俺は今度はしっかりと意識をして阿部を睨んだ。それでも阿部はまだ余裕綽々といった様子で、頭に登り始めていた血から毒気を抜かれたみたいになった。俺はため息をつく。そのため息をどのように受け取ったのか知らないが、阿部が「そんなに心配すんなよ」と言った。阿部が。あの。

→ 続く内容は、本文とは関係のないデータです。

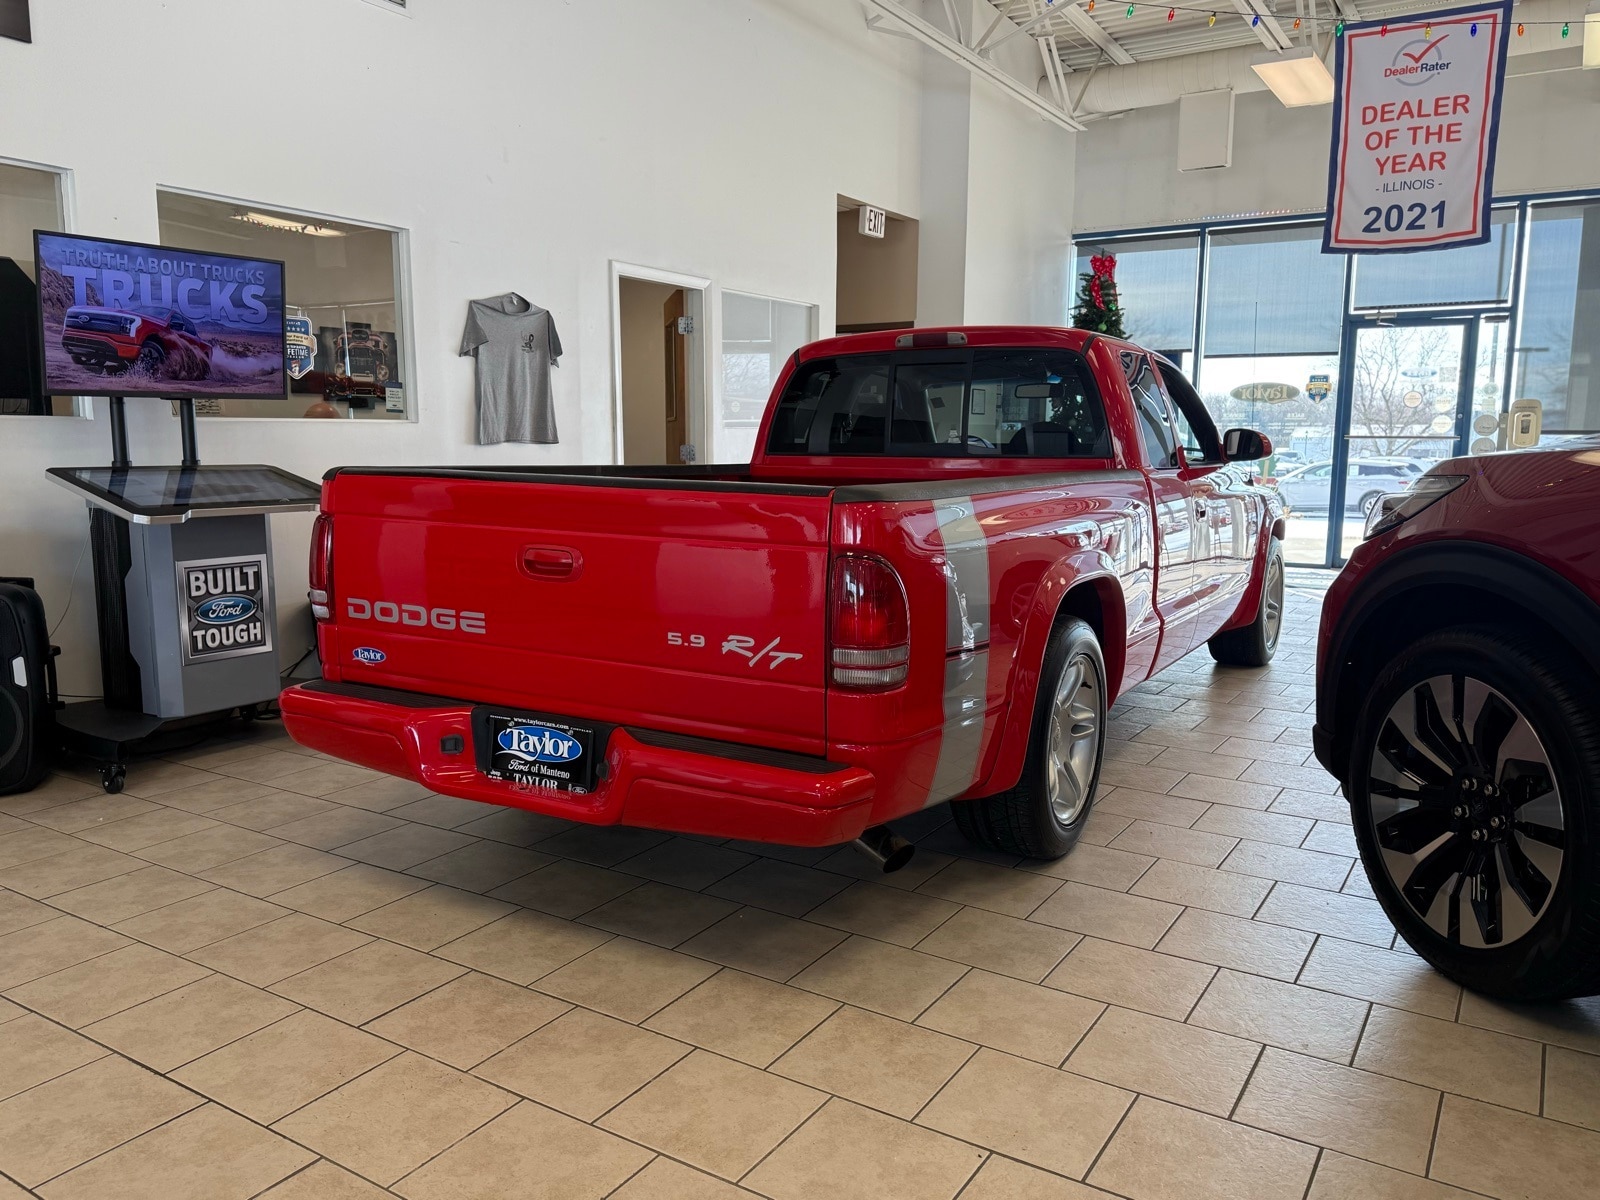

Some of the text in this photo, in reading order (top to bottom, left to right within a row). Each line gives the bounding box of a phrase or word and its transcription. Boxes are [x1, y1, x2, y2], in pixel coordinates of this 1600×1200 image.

「お前、あいつのすっげーだらしない顔見たことある?」
「なんだよ、無いよ。自慢?」
「違うって。あいつ、さっきそのだらしない顔してた」
「さっき?阿部、名字さんに会ったの?」
「落ち着けって。俺が話したいのはそこじゃなくてさ」
「いつもに増して意味わかんない」
「あいつがさ、なんでそんな顔するか知ってるか?」
「知らないよ」
「お前だよ」
「え?」

突然、阿部に真っ直ぐと見つめられる。え?何が?名字さんがだらしない顔をする原因が、俺?

「そう、お前」
「どういうこと?」
「お前だけなんだよ。名字に、あんななっさけないくらい嬉しそうな顔させられるの」
「え…」
「あいつが悩むのも、どもるのも、焦るのも、楽しいのも、嬉しいのも、全部栄口のことだからだよ」


そうなの?そうなの?なんでわかんの?阿部には、わかるの?なんで俺には、わかんないんだろう。


「だから、あんまりしょげんなよ」
「…しょげてないよ」
「そういう顔がしょげてるっつってんの」

阿部は冗談混じりに俺の小脇を突ついた。阿部の、こんな顔、見たことない。名字さんは、阿部にこんな顔もさせてあげられるんだ。同じ様に、俺も名字さんにこんな顔をさせてあげられてるのかな?自分では、全然、わかんない。


「ちょっと、不安、なのかも…」

本音を、少しだけこぼしてみた。普段の阿部になら、絶対言わない。

「大丈夫だって」

阿部はそう言って歩きだした。よく見れば、向こうの方でみんなが集まっている。もうすぐ、試合が始まるんだ。名字さんに、いいところ見せたいな。俺は阿部の後を追って歩きだした。


「あいつは、お前しか見えちゃいねーよ」


こっちがヒヤヒヤするくらいにな、と阿部が付け足した。